In regards to the design of the 787 Dreamliner, Boeing did a lot of things right. There are many new innovations that will reduce crew workload and improve the safely and accuracy of the operation.
However, also having worked with Airbus products for many years there are a handful of items that Boeing should have picked up on that they did not. Many believe that Boeing feels because Airbus does it, that's reason enough not to. That would be foolish on Boeing's part, but it still may be true.
50 or more years ago, flight instruments were installed all over the cockpit in seemingly haphazard fashion - perhaps wherever they fit. Often the attitude indicator (called the artificial horizon then) was in the middle of the panel, not directly in front of the pilot (or anyone). The industry (and the FAA) finally came around and a standard arrangement of the six basic flight instruments was established.
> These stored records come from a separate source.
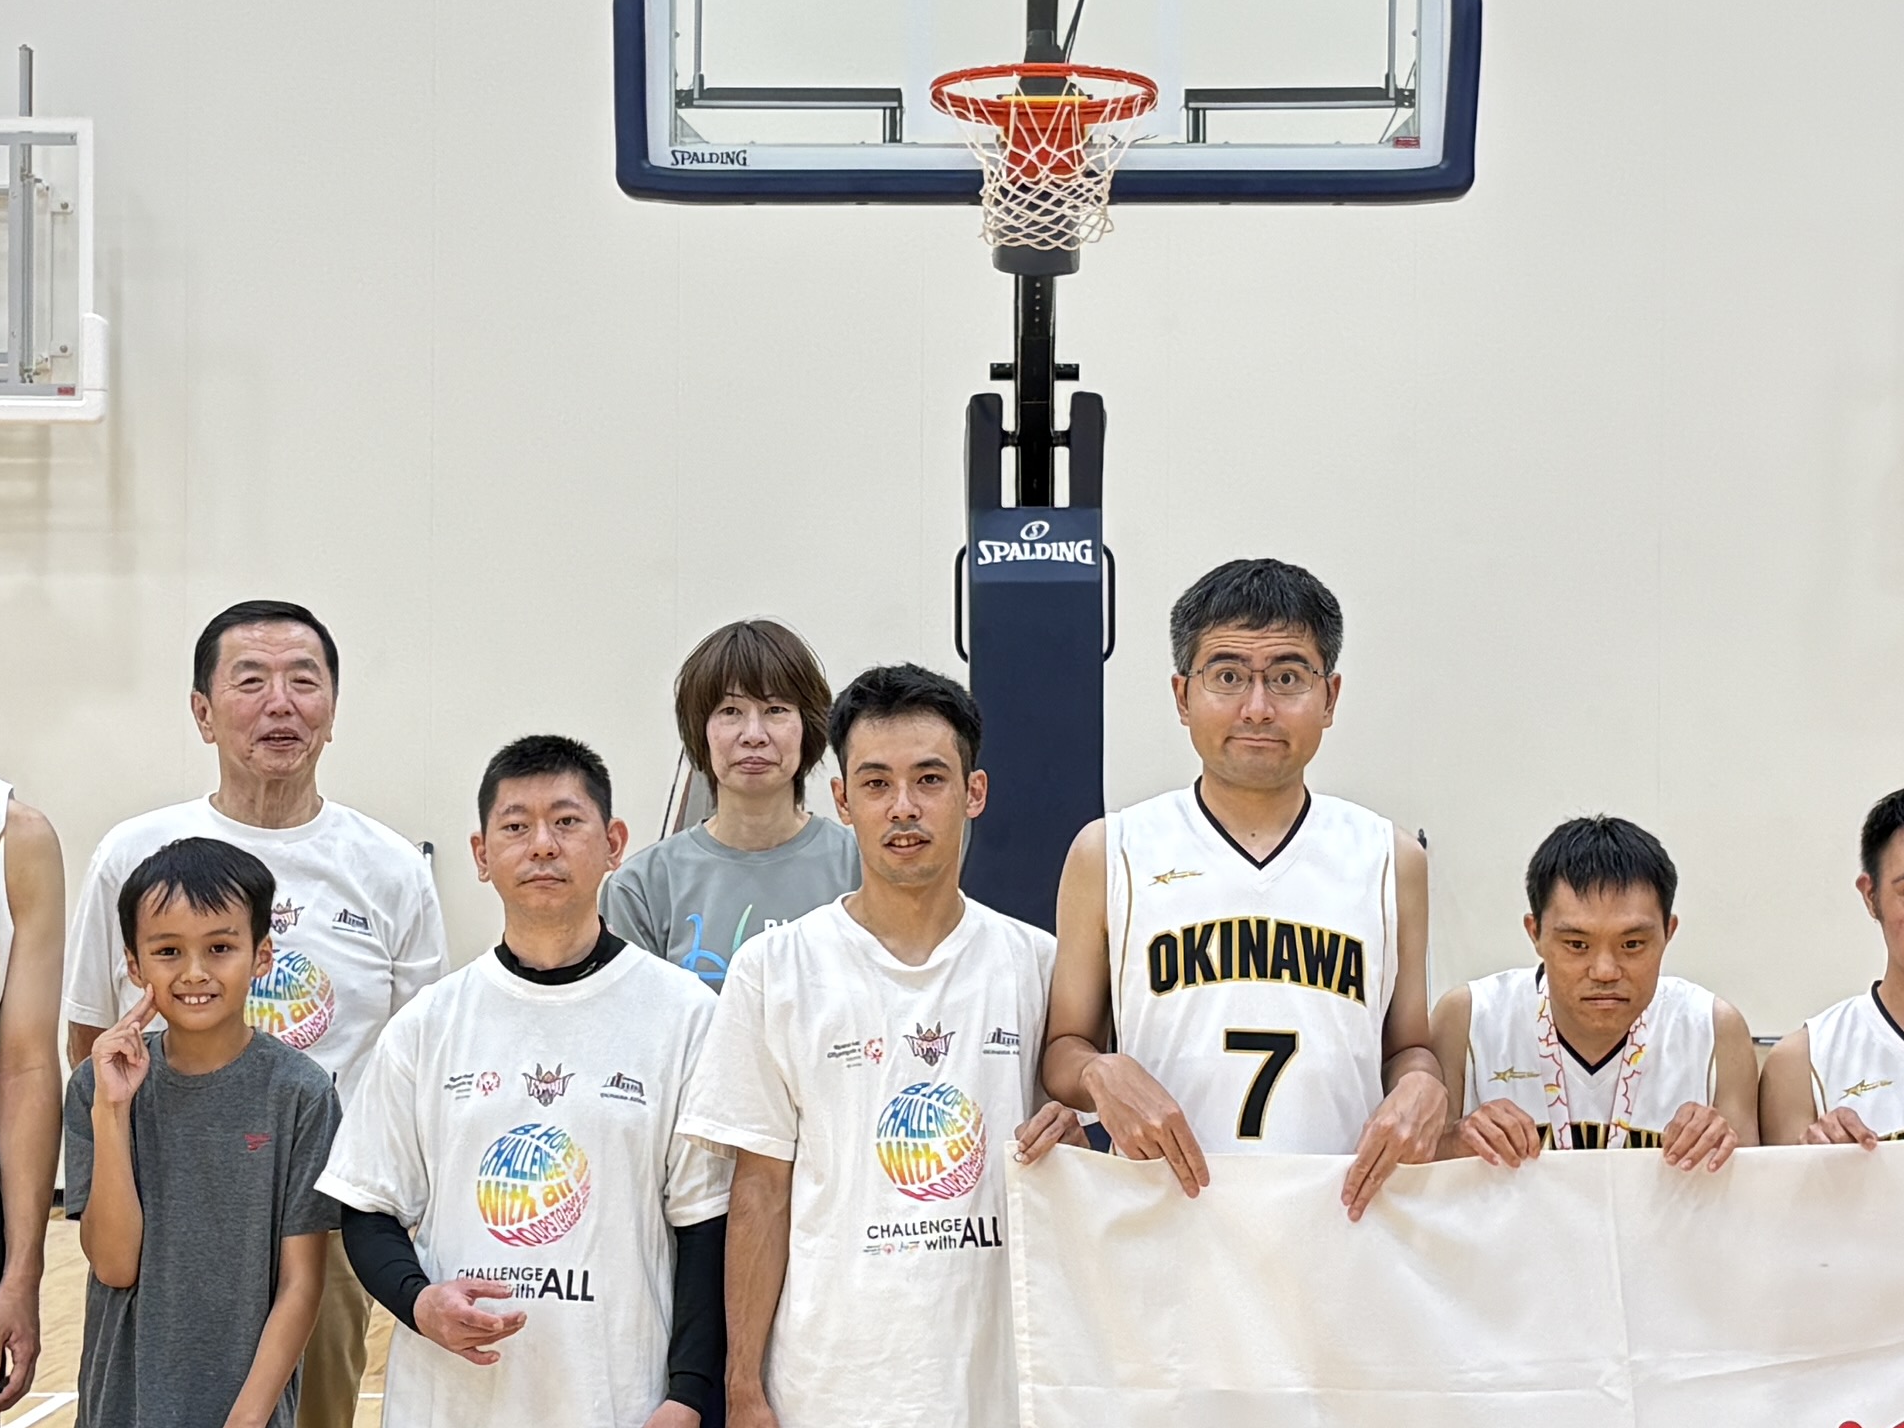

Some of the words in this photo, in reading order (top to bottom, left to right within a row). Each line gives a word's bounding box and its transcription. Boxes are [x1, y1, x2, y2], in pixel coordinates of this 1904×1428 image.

[670, 149, 748, 167] SPALDING
[977, 539, 1096, 565] SPALDING
[1147, 915, 1368, 1008] OKINAWA
[1222, 1027, 1299, 1140] 7
[867, 1217, 963, 1240] CHALLENGE
[959, 1215, 1003, 1249] ALL
[924, 1235, 957, 1251] with
[537, 1268, 595, 1302] ALL
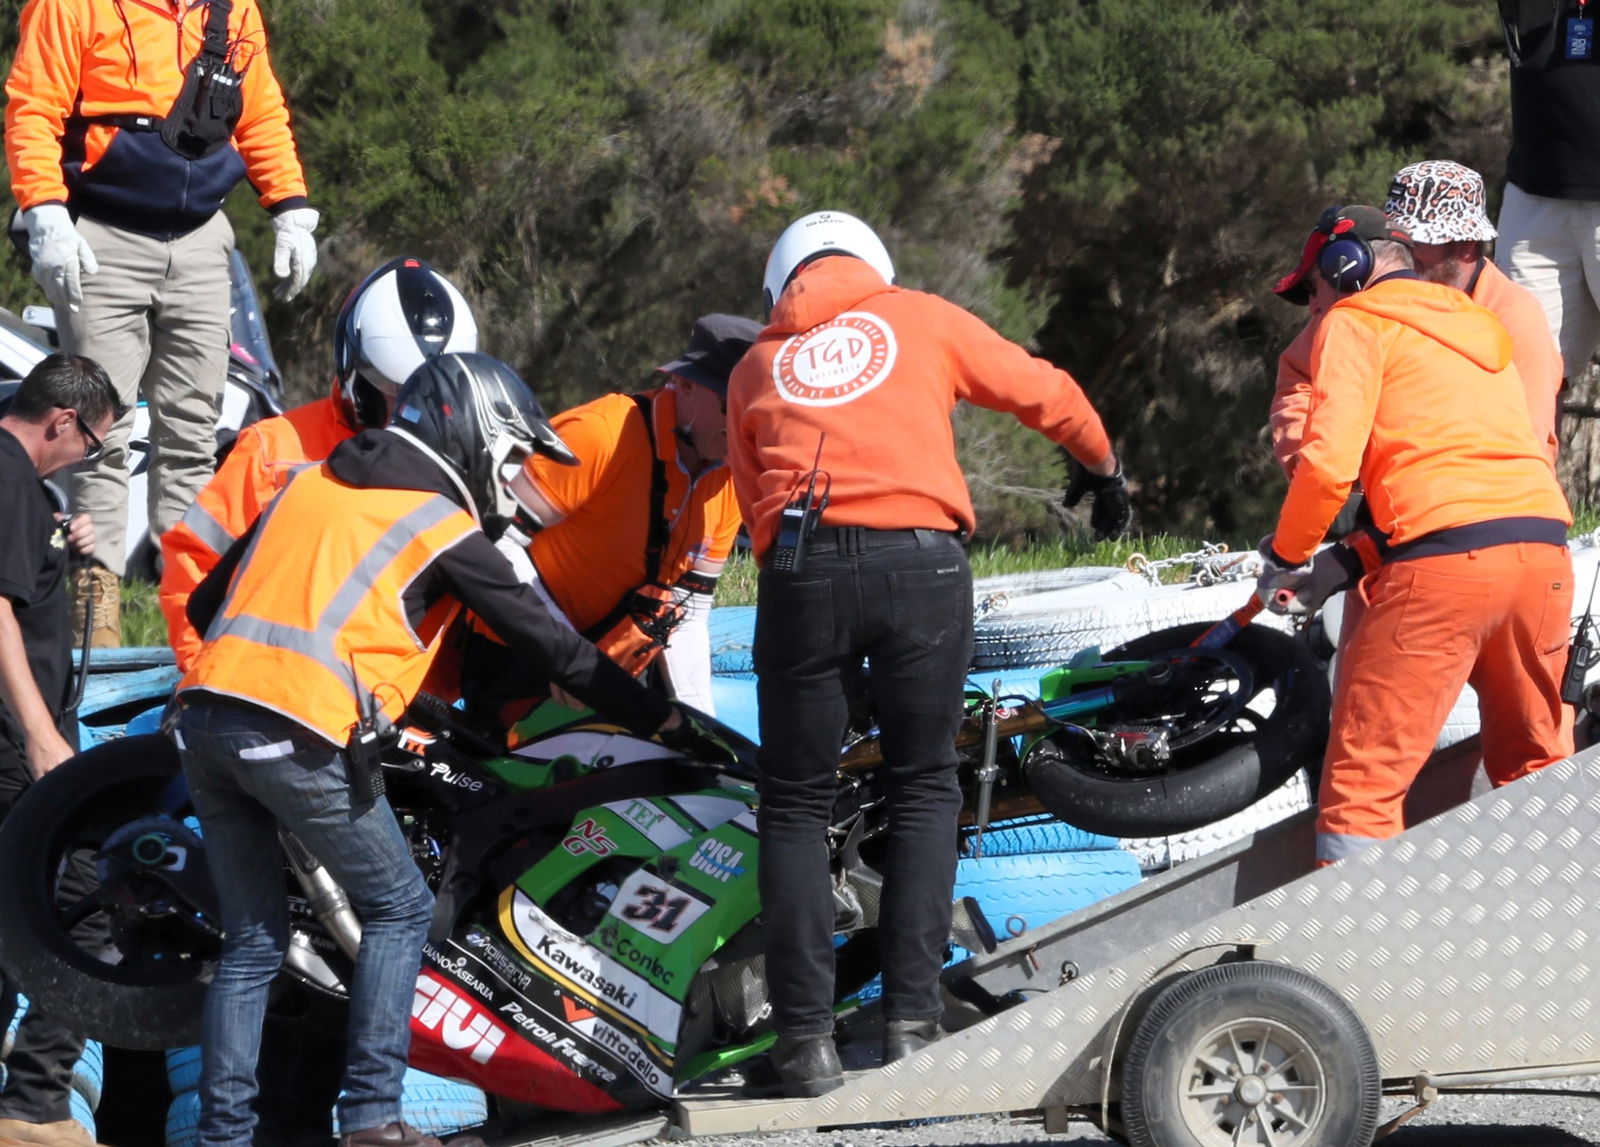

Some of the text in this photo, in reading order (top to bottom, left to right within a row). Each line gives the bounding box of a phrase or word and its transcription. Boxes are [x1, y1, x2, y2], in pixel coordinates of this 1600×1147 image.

[799, 337, 864, 370] TGD
[430, 762, 483, 791] Pulse
[689, 838, 744, 882] CISA
[621, 884, 691, 933] 31
[536, 934, 638, 1009] Kawasaki
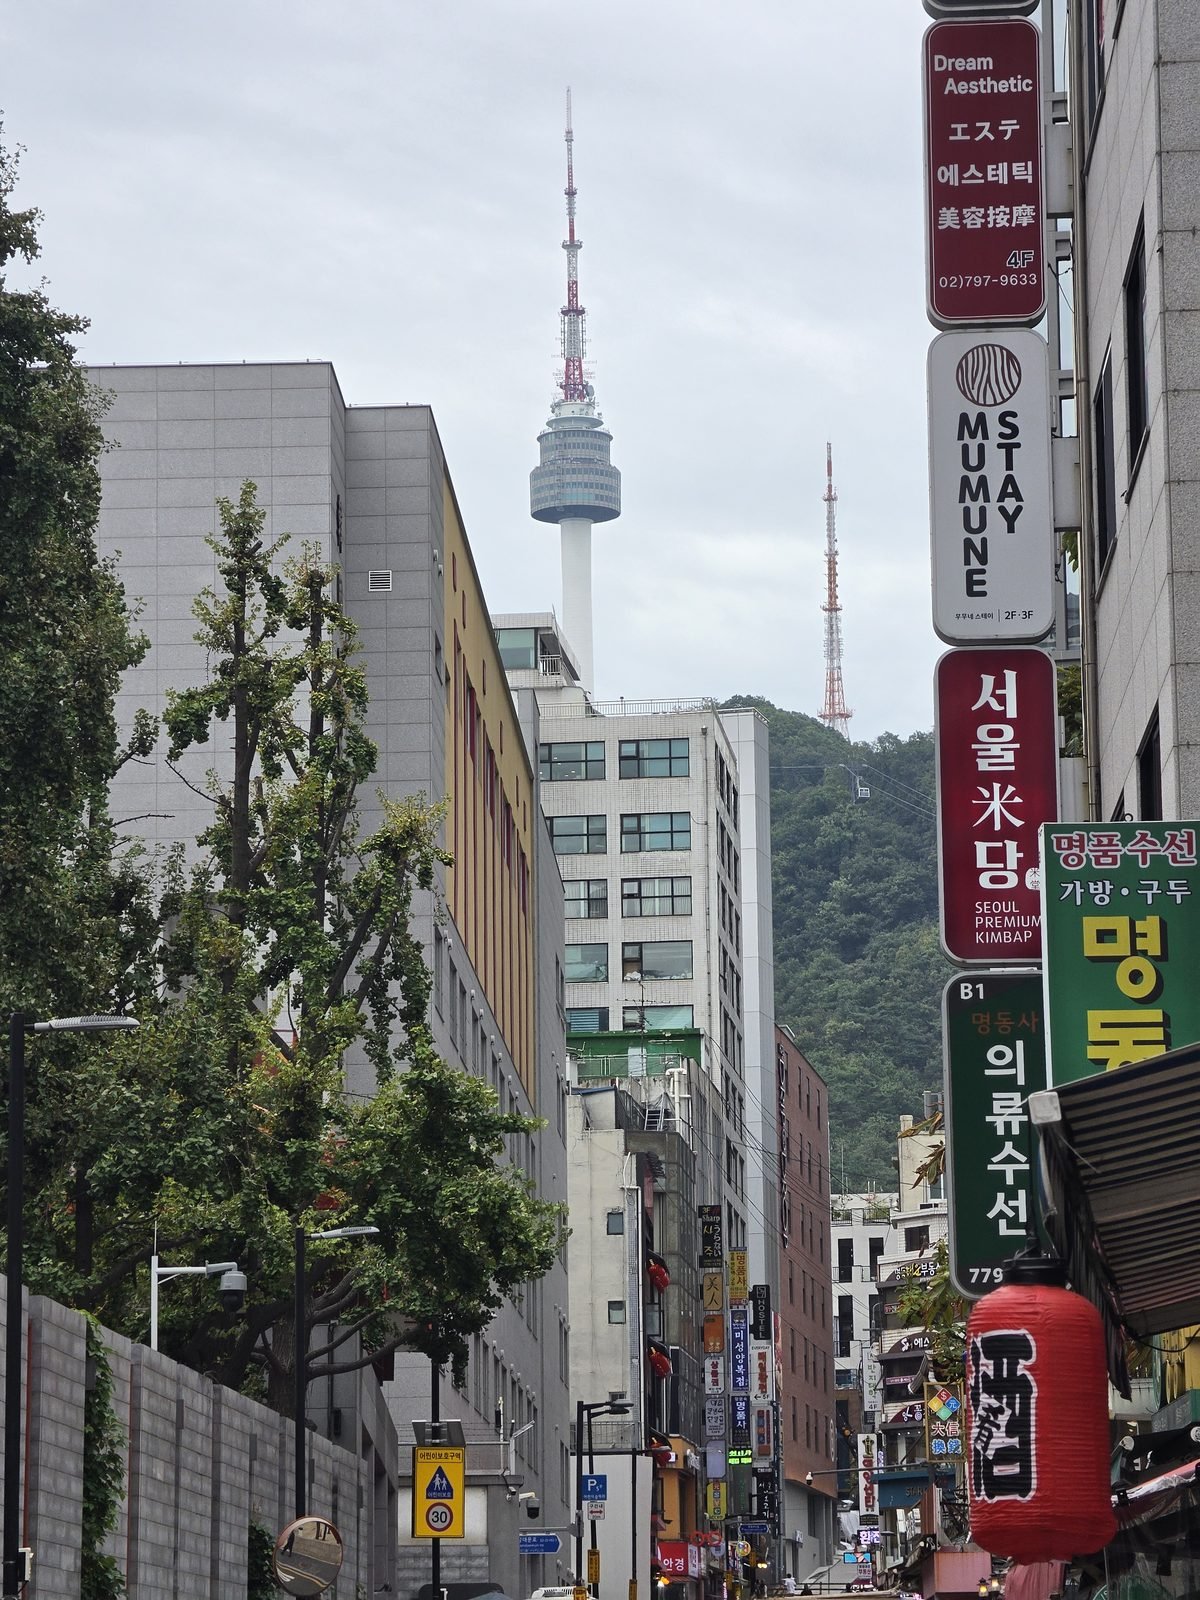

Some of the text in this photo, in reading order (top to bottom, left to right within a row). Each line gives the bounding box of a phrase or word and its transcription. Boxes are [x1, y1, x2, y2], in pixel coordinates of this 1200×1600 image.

[934, 54, 993, 72] Dream
[944, 75, 1033, 95] Aesthetic
[949, 119, 1020, 141] エステ
[937, 161, 1033, 186] 에스테틱
[938, 204, 1036, 229] 美容按摩
[1006, 250, 1035, 269] 4F
[939, 274, 1037, 289] 02)797-9633
[996, 410, 1024, 534] STAY
[957, 411, 991, 598] MUMUNE
[975, 611, 994, 620] 스테이
[971, 669, 1025, 889] 서울米당
[1050, 829, 1198, 870] 명품수선
[975, 901, 1020, 914] SEOUL
[975, 915, 1041, 929] PREMIUM
[975, 931, 1033, 944] KIMBAP
[960, 983, 984, 1000] B1
[971, 1011, 1039, 1035] 명동사
[984, 1039, 1030, 1236] 의류수선
[969, 1267, 1004, 1284] 779
[735, 1330, 746, 1387] 미성양복점
[736, 1401, 746, 1429] 명품사
[931, 1421, 960, 1437] 大信
[420, 1452, 461, 1460] 어린이보호구역
[588, 1479, 597, 1492] P
[431, 1511, 448, 1523] 30
[663, 1558, 684, 1572] 안경
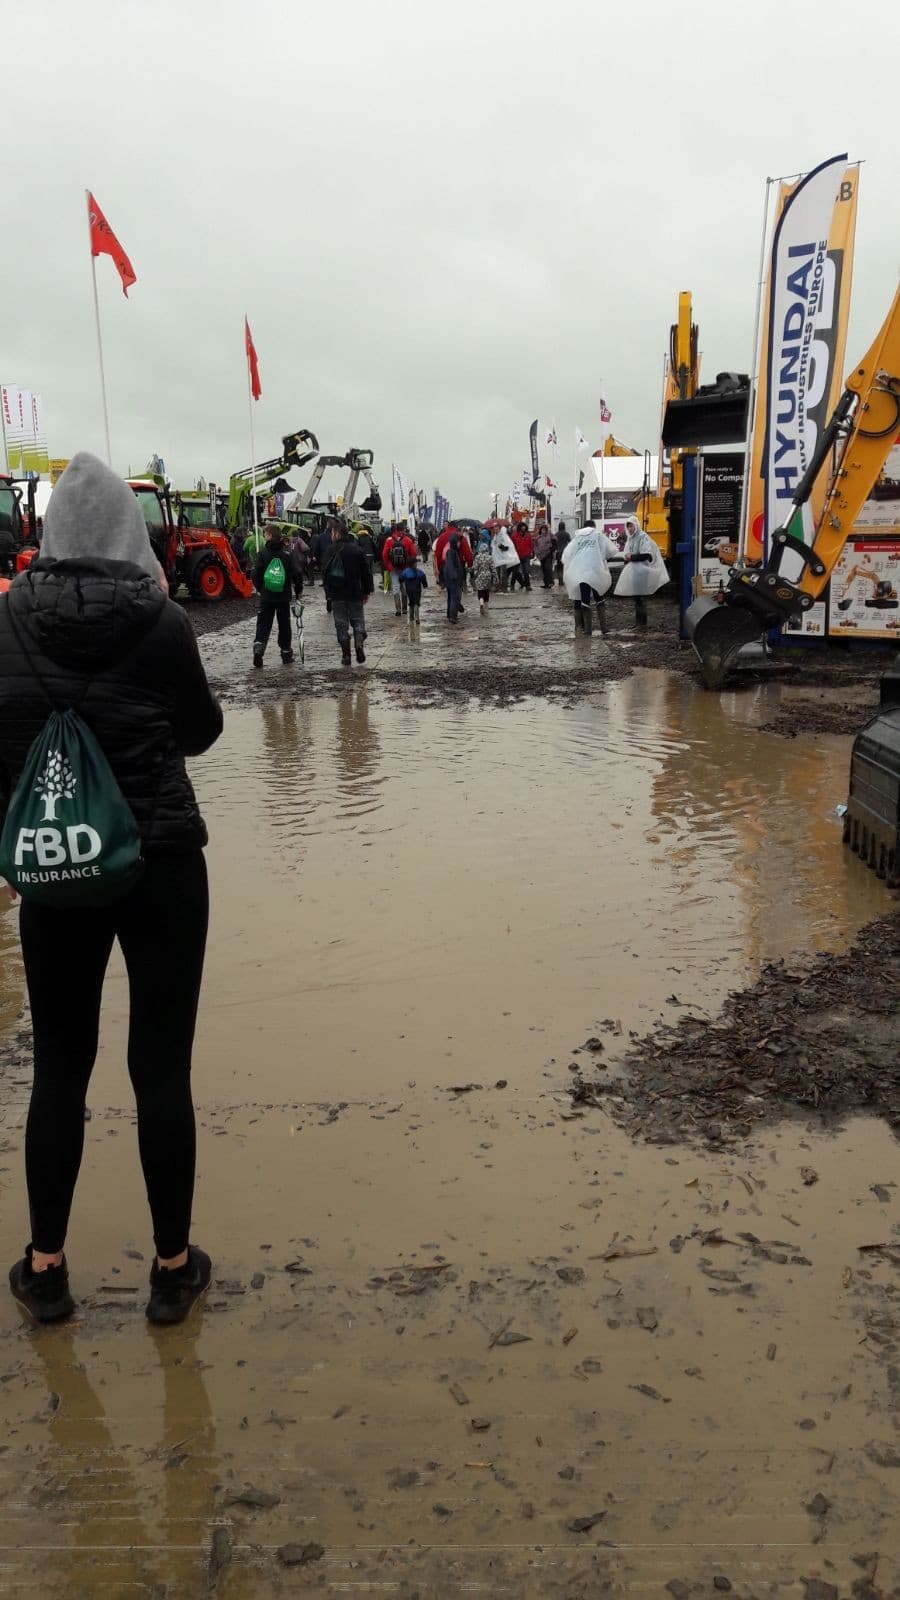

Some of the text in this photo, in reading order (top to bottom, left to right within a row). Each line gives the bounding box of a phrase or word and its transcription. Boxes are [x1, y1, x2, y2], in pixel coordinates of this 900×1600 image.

[797, 321, 814, 434] INDUSTRIES
[807, 239, 828, 317] EUROPE
[774, 242, 817, 500] HYUNDAI
[704, 473, 745, 484] No Compa
[14, 823, 103, 867] FBD
[16, 865, 102, 884] INSURANCE
This remains the standard for "round dial" instruments to this day from Cessnas to 747s.
What we are seeing now with the advent of the "glass cockpit" instruments (instrument indications represented on computer displays - not hardware round-dial instruments) seems to be repeating history. Standardization is lacking - if not diverging. New private pilots must demonstrate an ability to use the equipment on the airplane they take their check rides in, because there is so much diversity among various equipment. Once, their operation was standard and intuitive. Now, it it neither. Has innovation brought confusion?